> **What to produce**
Whenever the string "Year" appears in a line below, please copy the line out.
[Records for this exercise Boundary: Start]
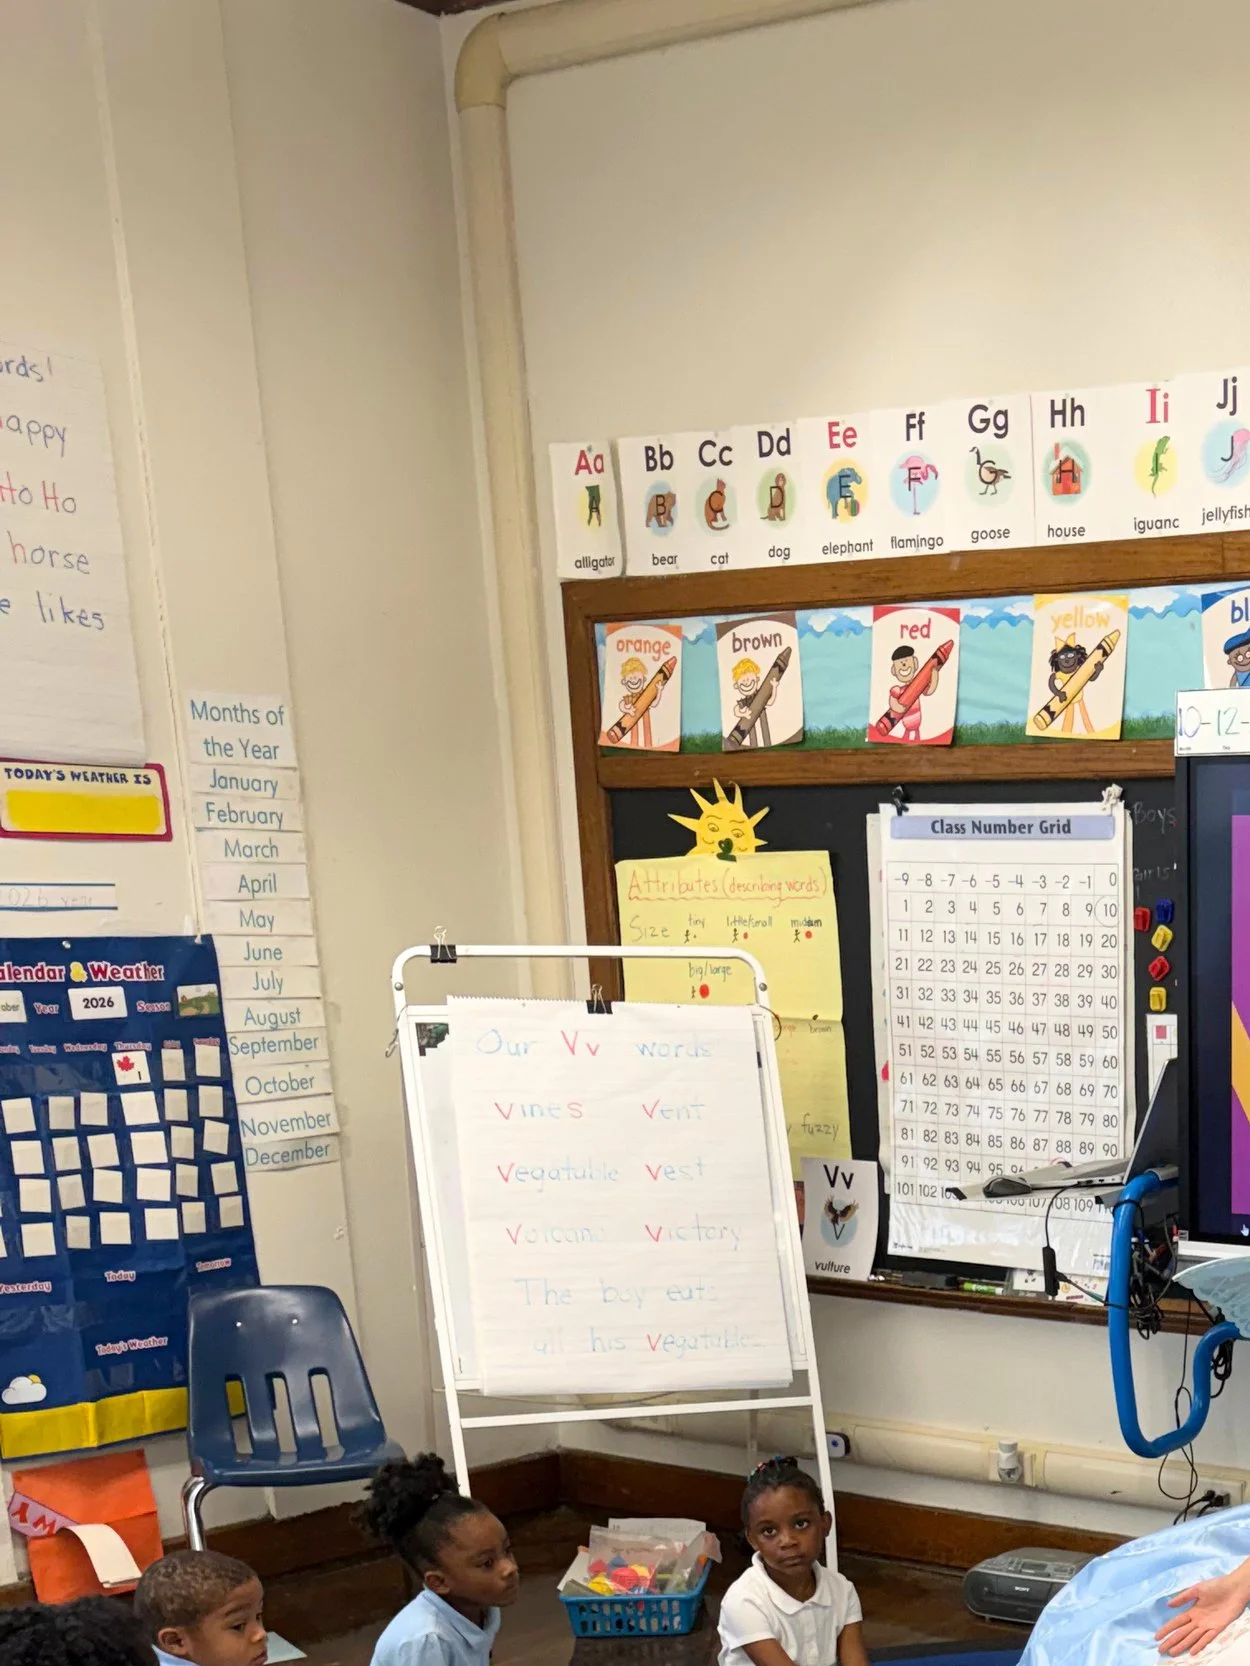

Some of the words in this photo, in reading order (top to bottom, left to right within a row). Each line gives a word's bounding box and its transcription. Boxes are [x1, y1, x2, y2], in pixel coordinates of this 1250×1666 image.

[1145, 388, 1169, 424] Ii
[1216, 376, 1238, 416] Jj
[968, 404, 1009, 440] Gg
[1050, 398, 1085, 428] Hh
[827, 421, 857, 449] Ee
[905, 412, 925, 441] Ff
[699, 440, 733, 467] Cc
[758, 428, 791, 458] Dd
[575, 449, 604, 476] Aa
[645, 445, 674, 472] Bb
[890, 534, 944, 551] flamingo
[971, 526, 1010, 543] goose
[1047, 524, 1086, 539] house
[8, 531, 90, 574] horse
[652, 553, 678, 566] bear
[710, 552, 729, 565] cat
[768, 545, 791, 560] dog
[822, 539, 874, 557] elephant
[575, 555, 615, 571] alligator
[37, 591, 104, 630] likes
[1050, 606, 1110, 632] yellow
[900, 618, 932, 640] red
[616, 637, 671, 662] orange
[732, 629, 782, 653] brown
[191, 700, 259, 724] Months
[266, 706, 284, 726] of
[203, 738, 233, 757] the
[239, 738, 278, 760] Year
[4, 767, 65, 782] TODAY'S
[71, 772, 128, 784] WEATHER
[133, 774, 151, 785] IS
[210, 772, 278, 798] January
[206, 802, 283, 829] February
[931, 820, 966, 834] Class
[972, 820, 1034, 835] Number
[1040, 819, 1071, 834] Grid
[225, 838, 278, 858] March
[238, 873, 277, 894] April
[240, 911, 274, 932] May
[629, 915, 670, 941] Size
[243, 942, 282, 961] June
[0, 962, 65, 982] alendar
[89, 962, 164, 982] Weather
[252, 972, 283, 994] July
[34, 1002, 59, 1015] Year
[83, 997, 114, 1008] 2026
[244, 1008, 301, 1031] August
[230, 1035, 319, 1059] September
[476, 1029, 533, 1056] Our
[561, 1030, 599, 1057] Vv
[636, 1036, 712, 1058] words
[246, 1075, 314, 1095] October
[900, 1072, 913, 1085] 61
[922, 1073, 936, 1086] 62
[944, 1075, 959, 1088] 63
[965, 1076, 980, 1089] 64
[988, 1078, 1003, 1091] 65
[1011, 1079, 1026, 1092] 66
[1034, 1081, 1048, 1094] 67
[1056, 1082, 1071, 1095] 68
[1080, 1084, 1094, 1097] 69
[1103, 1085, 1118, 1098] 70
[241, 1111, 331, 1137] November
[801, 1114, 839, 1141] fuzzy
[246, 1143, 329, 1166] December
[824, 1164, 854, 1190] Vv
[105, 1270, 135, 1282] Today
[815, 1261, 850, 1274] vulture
[Records for this exercise Boundary: End]
> **Task result**
[239, 738, 278, 760] Year
[34, 1002, 59, 1015] Year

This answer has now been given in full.